董婷 杨文明 吴明彩 蒋怀周 黄鹏 匡春俊 张娟 韩辉

摘要:目的 观察肝豆灵对高铜负荷小鼠神经干细胞内活性氧(ROS)水平及核因子E2相关因子2(Nrf2) mRNA及蛋白表达的影响。方法 体外培养高铜负荷小鼠神经干细胞模型。实验小鼠随机分为空白对照组、模型组和肝豆灵低、中、高剂量组,各给药组给予相应浓度肝豆灵药物血清灌胃。采用MTT法检测神经干细胞增殖水平,流氏细胞仪检测细胞内ROS水平,qRT-PCR检测Nrf2基金表达,Western blot检测细胞内Nrf2蛋白表达。结果 与空白对照组比较,模型组小鼠神经干细胞增殖率显著下降,ROS水平明显升高,Nrf2基因、蛋白表达明显降低(P<0.01);与模型组比较,肝豆灵各剂量组小鼠神经干细胞增殖率显著升高,ROS水平明显降低,Nrf2基因、蛋白表达明显升高(P<0.05,P<0.01)。

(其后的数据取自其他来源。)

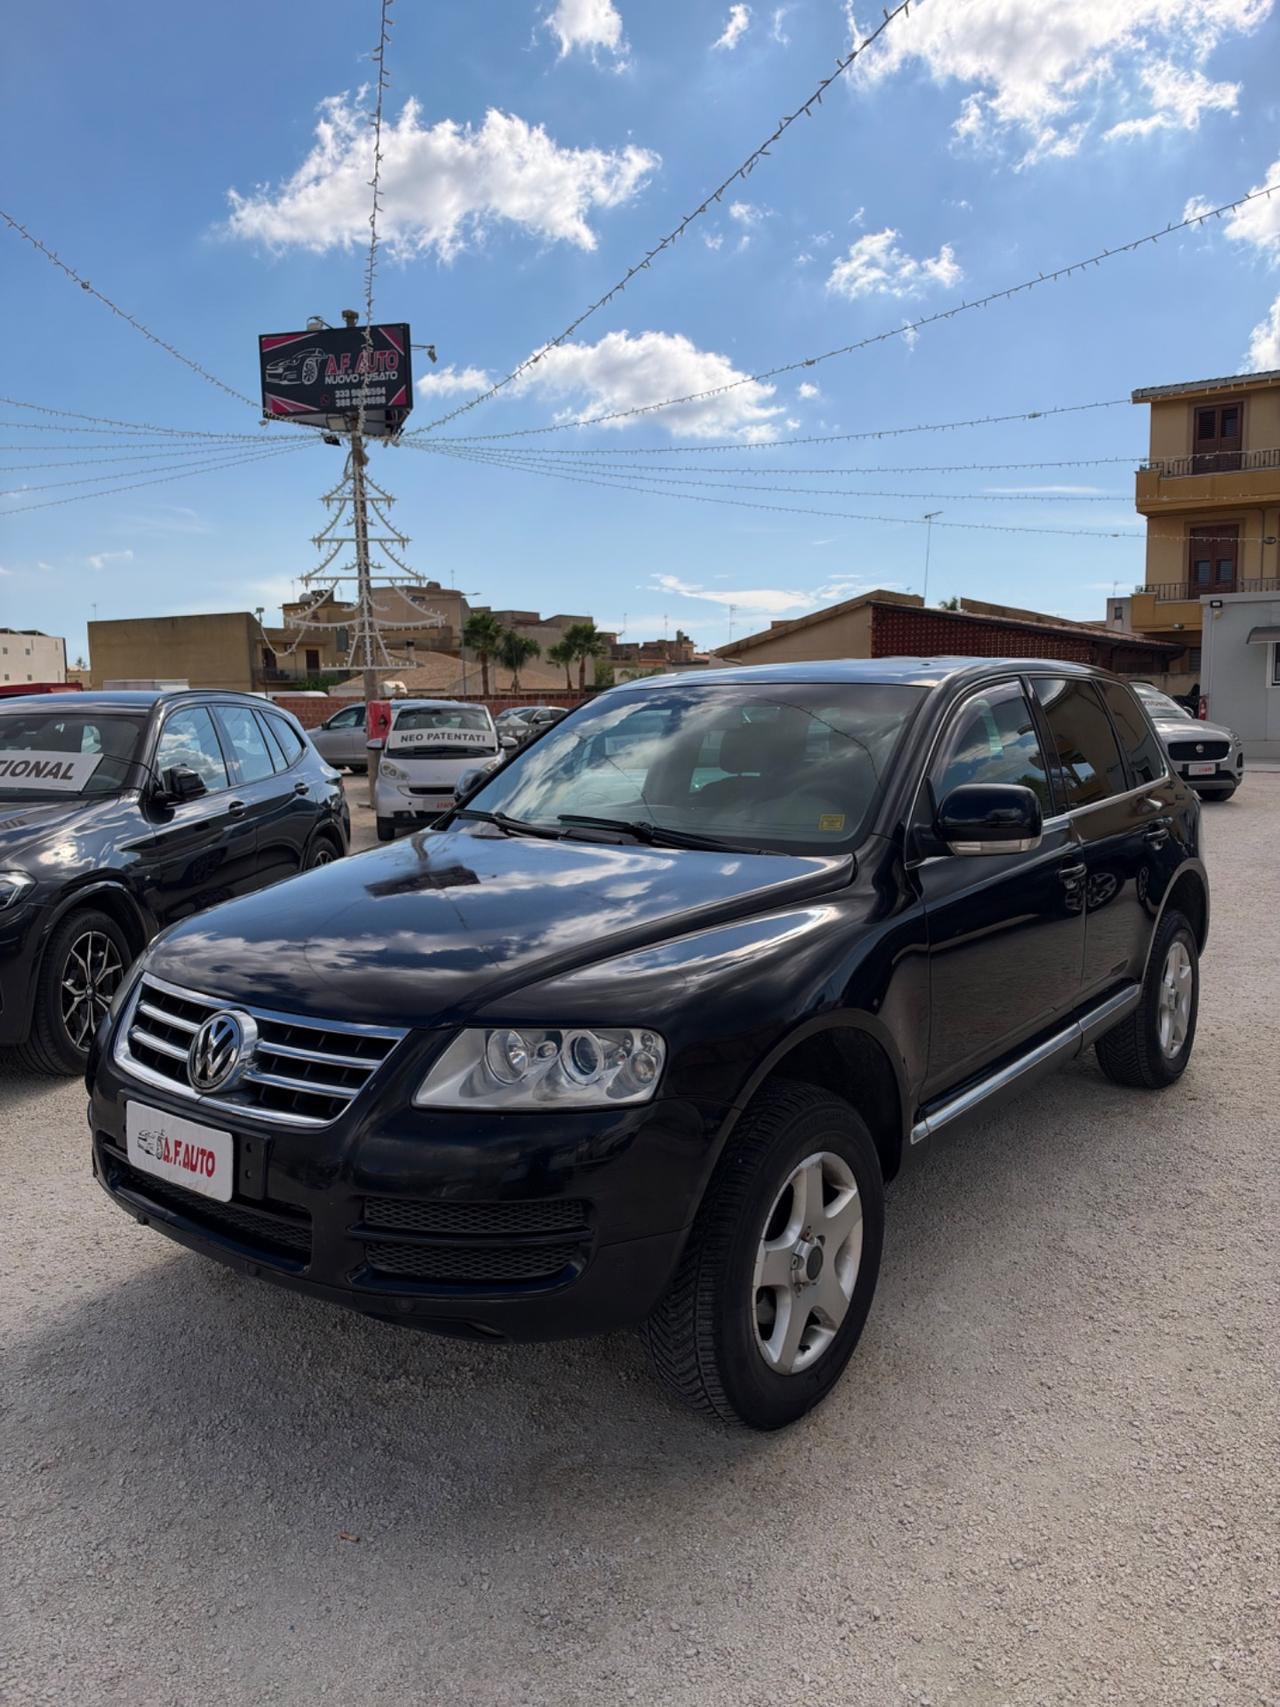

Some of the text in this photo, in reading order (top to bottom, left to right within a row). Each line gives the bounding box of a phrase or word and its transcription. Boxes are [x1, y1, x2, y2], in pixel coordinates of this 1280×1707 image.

结论 肝豆灵通过降低高铜负荷小鼠ROS含量、上调Nrf2的表达,从而促进小鼠神经干细胞的增殖。

关键词:肝豆灵;高铜负荷;体外培养;神经干细胞;活性氧;核因子E2相关因子2;小鼠

DOI:10.3969/j.issn.1005-5304.2018.07.013

中图分类号:R285.5 文献标识码:A 文章编号:1005-5304(2018)07-0053-04

Abstract: Objective To observe the effects of Gandouling on reactive oxygen species (ROS) level, the expression of nuclear factor erythroid 2-related factor 2 (Nrf2) mRNA and protein of neural stem cells of the mice cultured in high concentration copper. Methods The model of neural stem cells of the mice was cultured in vitro with high concentration copper. The experimental rats were randomly divided into blank control group, model group, and Gandouling low-, medium-, and high-dose groups. Each medication group was given relevant concentration of Gandouling serum for gavage. The MTT was adopted to test proliferation level on neural stem cells; flow cytometer was used to examine the change of ROS level in cells; qPCR was used to measure the expression of Nrf2 mRNA; Western blot was used to measure the change of the level of protein Nrf2 in cells. Results Compared with the blank control group, the proliferation rate of neural stem cells was significantly decreased, ROS levels were significantly increased, and Nrf2 gene and protein expression was significantly decreased (P<0.01). Compared with the model group, neural stem cells proliferation rate was significantly increased, ROS levels were significantly reduced, and Nrf2 gene and protein expression was significantly increased (P<0.05, P<0.01). Conclusion Gandouling can promote the proliferation of neural stem cells in mice by reducing ROS content in high copper-loaded mice and up-regulating Nrf2 expression.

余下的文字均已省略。